Red Hat, Dell, IBM and HP get SAMPed

The LAMP stack is all the rage, and Sun appears to have found the cheapest way into buying a letter - maybe two.

Sun could well have applied its billions in cash toward grabbing Red Hat. (Let's say $5bn.) Buy why bother?

First off, Sun would need to spend far more to acquire Red Hat. Then, it's battling away with rivals IBM, HP and Dell over the whole proposition, warring with open source zealots afraid of Sun's stewardship and in fighting over Solaris vs. Linux.

As we see it, Sun's only real motivation to buy Red Hat would be to kill it off and pitch the open source Solaris as a replacement, leaving the world with a pair of major server operating systems rather than three.

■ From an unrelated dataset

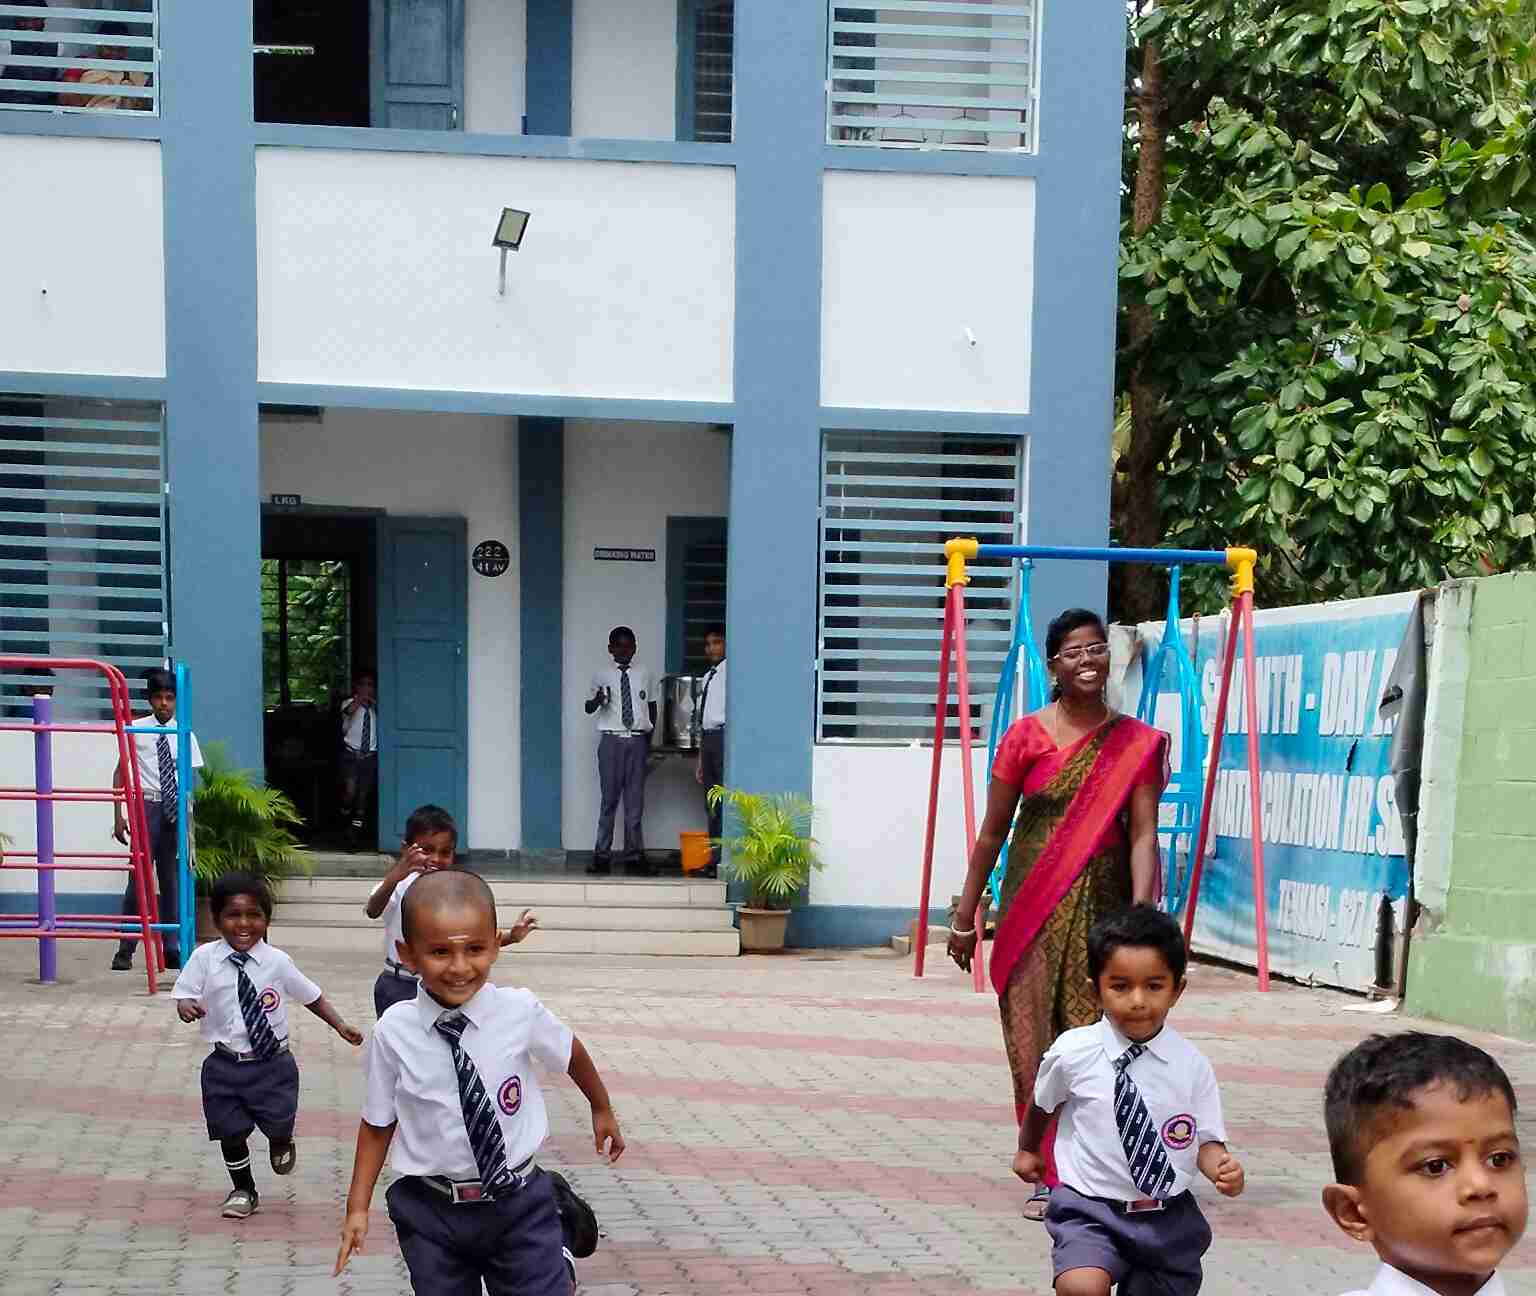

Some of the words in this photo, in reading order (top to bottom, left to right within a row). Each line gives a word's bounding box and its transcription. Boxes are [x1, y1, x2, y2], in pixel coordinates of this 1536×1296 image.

Canonical stands a cheaper option for Sun if it does want to do the Linux thing, and it may well buy the firm one day.

In the meantime, Sun has busted right into the vibrant gut of the Linux market by grabbing the M. Red Hat can sit on the box. Sun will go ahead and own your data layer though, thank you very much. In addition, Sun gets the attention of thousands of developers, including many of those P folks.

(And, er, take that, Google. Sun will have your development work and loyalty. Many thanks.)

The Open Lock-in

Go big picture, and you find Sun's massive open source claims legitimized. We're talking about the company that funds OpenOffice, that sells the very popular Lustre file system, that will own the most popular open source database and that provides some of the world's most sophisticated open source operating system code. I'm trying to think of a larger, proper open source company and am struggling.

In this context, can those folks out there that hate Solaris because of its proprietary past keep up the anger? Is SAMP any less genuine as an open source stack than LAMP? I don't think so.

(Emotional aside: Dear god, how did Red Hat let this happen? It could have solidified its place as the center of the open source universe and gained permanent leverage over the ever crucial database layer. Instead, it allowed another operating system vendor to grab the database running on most Red Hat servers. Yikes.)

The MySQL buy adds a thick layer of meat to Sun's open source story and must spook Oracle, Microsoft, IBM (DB2 side) and Red Hat.

I wonder, however, how much it spooks HP, Dell and IBM (hardware side). After all, the server realm hosts Sun's real battles.

All of the hardware makers have near equal access to MySQL and MySQL's customers. Now Sun receives the luxury of paying for the development of this software that everyone can use.

But, if you're more likely to buy into MySQL and to buy a support contract now that Sun is behind the company, are you more likely to buy hardware from the company backing the database? I'm just not sure.

Historically, Sun has tried and failed and tried and failed at moving web and application servers on top of its hardware at anywhere near the pace of rivals. In addition, it has been promoting and selling open source databases as an option with its servers for quite a long time.

Given those facts, Sun can only make that $1bn price tag count if it can get past the middleware failures of yesteryear while also improving the database-tied-to-Sun-hardware equation.

Is Sun up to this challenge? It seems to think so.